Kayihura also decried the break down in the social cultural institutions which, he said, partly explain the spike in sexual violence in the country.
 

“Parents no longer have control over their children. When I was young, I respected my parents. We don’t see that today anymore,” he noted.

“That is why the government resurrected the cultural institutions to bring back sanity,” he said.
 

He recalled how at one time he was accosted by 10 parents, asking for him to take their children on account that they had become uncontrollable.
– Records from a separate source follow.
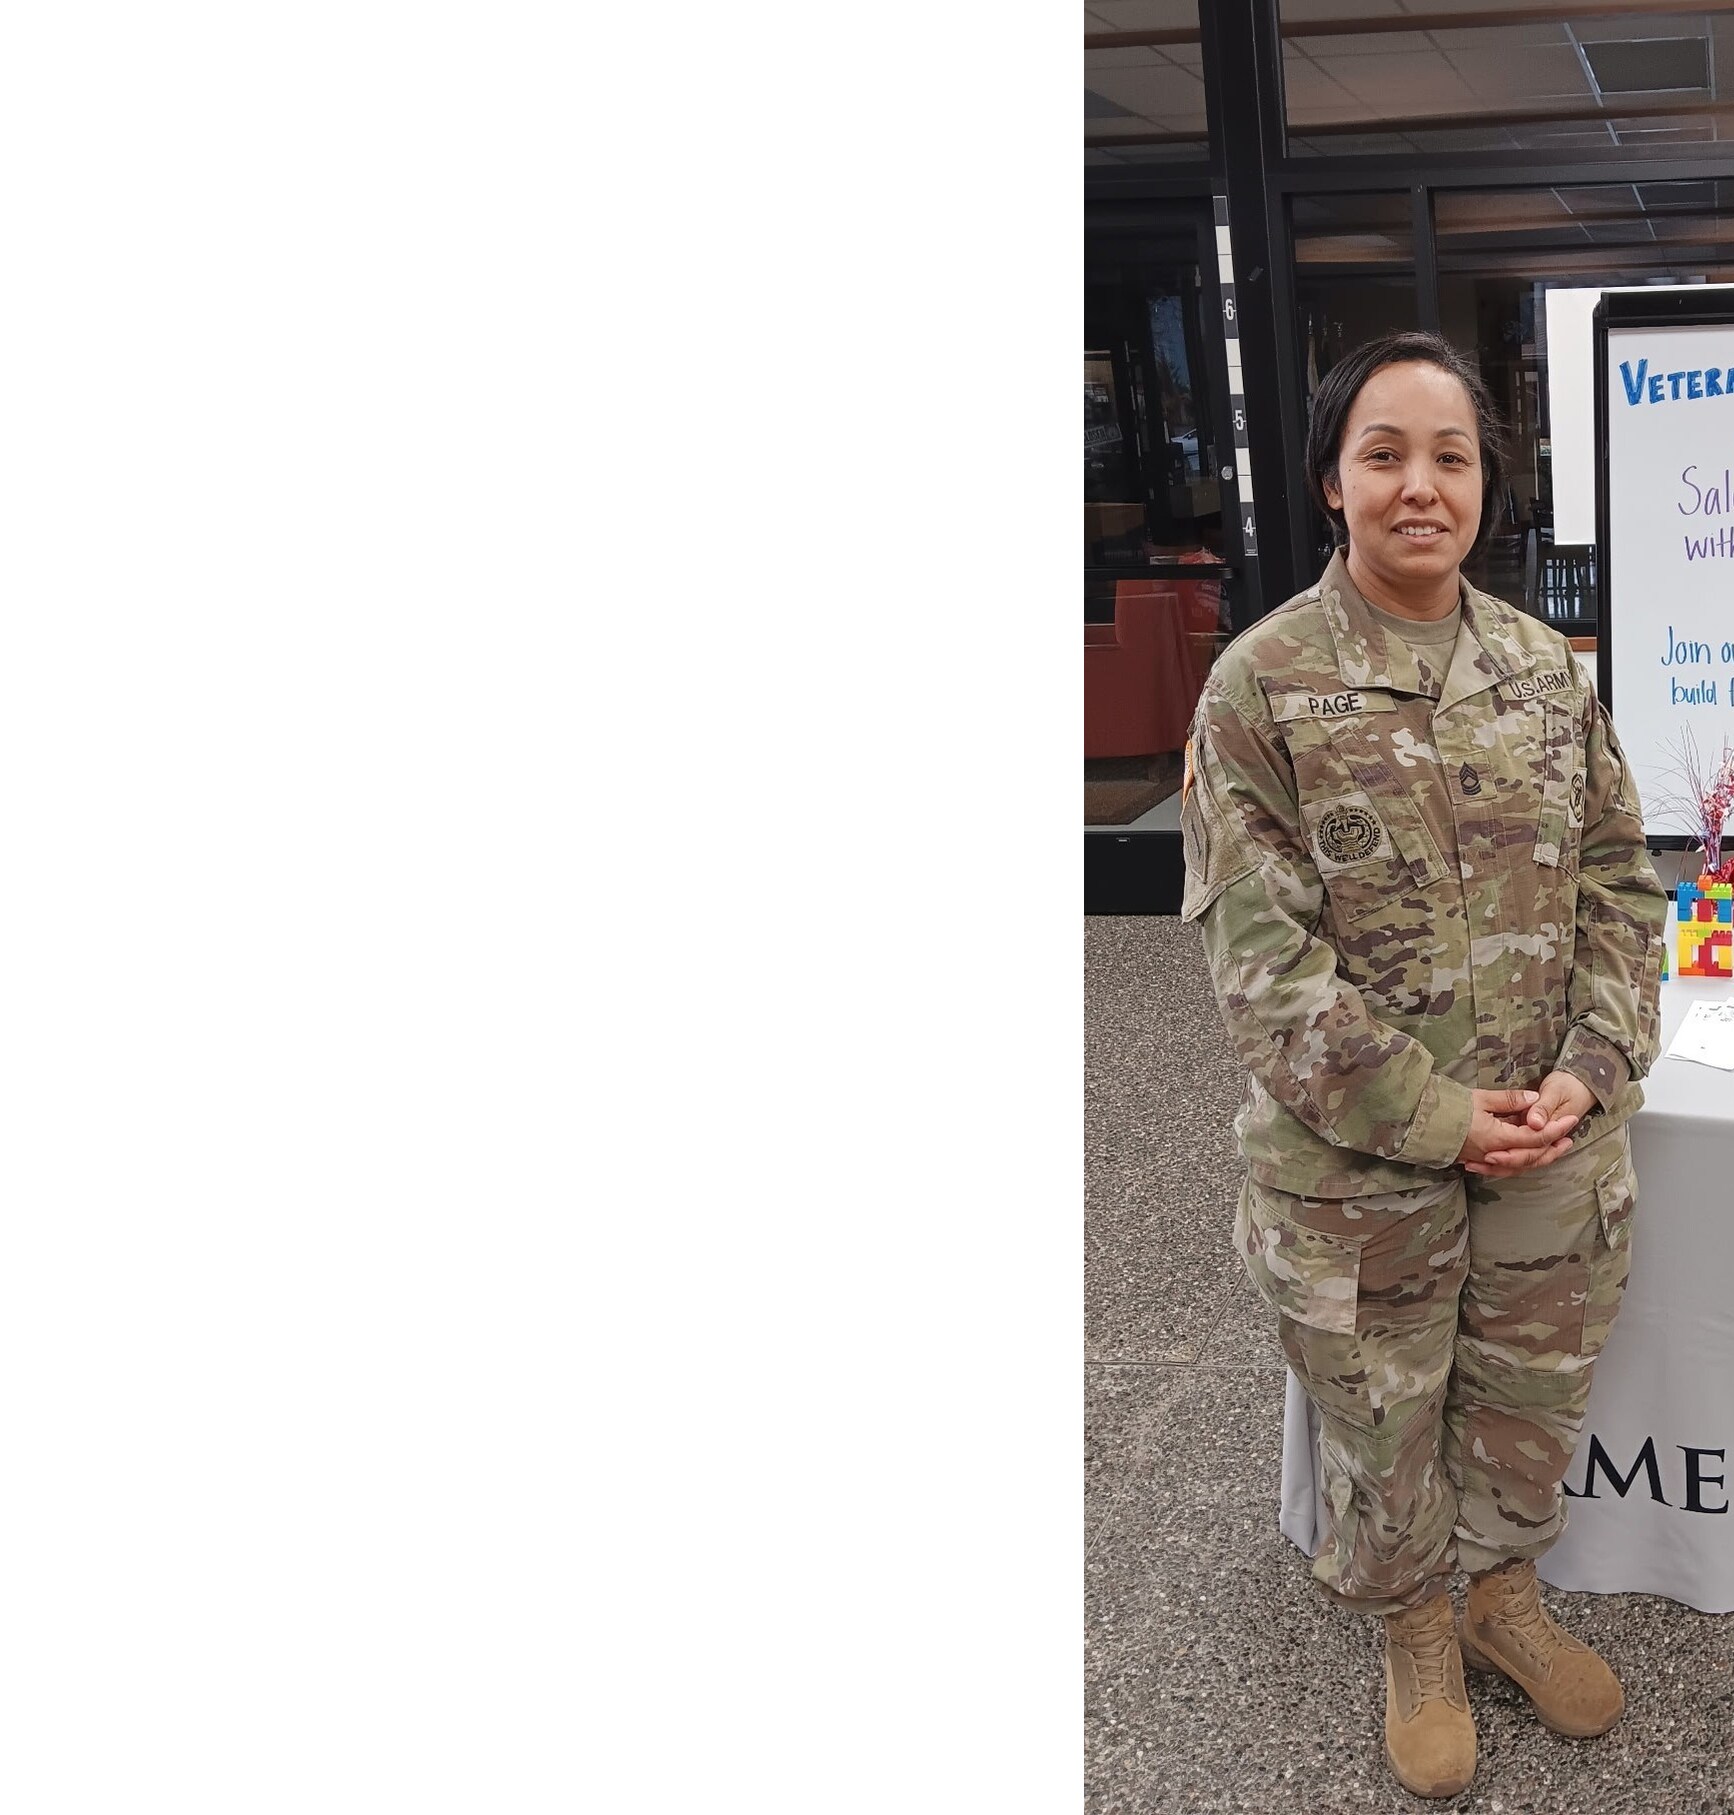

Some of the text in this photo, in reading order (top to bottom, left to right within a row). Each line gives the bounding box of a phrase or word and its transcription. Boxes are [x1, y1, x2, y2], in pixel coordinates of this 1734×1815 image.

[1224, 298, 1235, 321] 6
[1234, 410, 1245, 430] 5
[1244, 517, 1255, 537] 4
[1660, 626, 1712, 667] Join
[1671, 677, 1718, 706] build
[1307, 692, 1362, 716] PAGE
Because of the breakdown, children, he said, have become uncontrollable and militant. He recalled an incident in which a son killed the father after he (the father) blocked him from selling a plot of land.
 

“Children have become terrorists in their homes. They gang up with their mothers to kill their fathers over property,” he said adding that the police are reorganizing its criminal intelligence to tackle this matter.
 

He noted that sexual violence is fed on things like drug abuse. “A lot of indiscipline among youth is as a result of drug abuse. The current law is laughable,” he said.
 

Beata Chelimo, the head of the Directorate of Women Affairs confirmed that most crimes are driven by drug abuse.
 

“People these days brew malwa (a local beer) with marijuana. There is information to that effect that people add marijuana to make malwa more potent. People take small quantities and appear extremely high and dangerous,” she said.
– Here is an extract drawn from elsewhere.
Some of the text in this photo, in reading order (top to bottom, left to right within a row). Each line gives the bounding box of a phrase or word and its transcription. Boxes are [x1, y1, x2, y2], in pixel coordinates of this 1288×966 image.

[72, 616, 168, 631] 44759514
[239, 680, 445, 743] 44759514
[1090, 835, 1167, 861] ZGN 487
Investigations, she said, were ongoing with the view of arresting the perpetrators. Chelimo however said upon conviction in court, the first offender of drug abuse is a sum of Sh1m or six months in prison or both which she said is too low and not deterrent enough.
 

“So what is sh1m for a person dealing in cocaine when he gets sh100m for half a kg of cocaine?” Chelimo wondered, concluding that the law was indeed laughable.
 

Kayihura also revealed that drug traffickers get cocaine and adulterate it with ARVs which “technically is poison” in a bid to carry larger quantities with out being suspected.

Regina Bafaki ACFODE’s Executive Director said the power of the pen in breaking silence on sexual violence publication is about telling or speaking up as a tool to empower the survivors of sexual violence.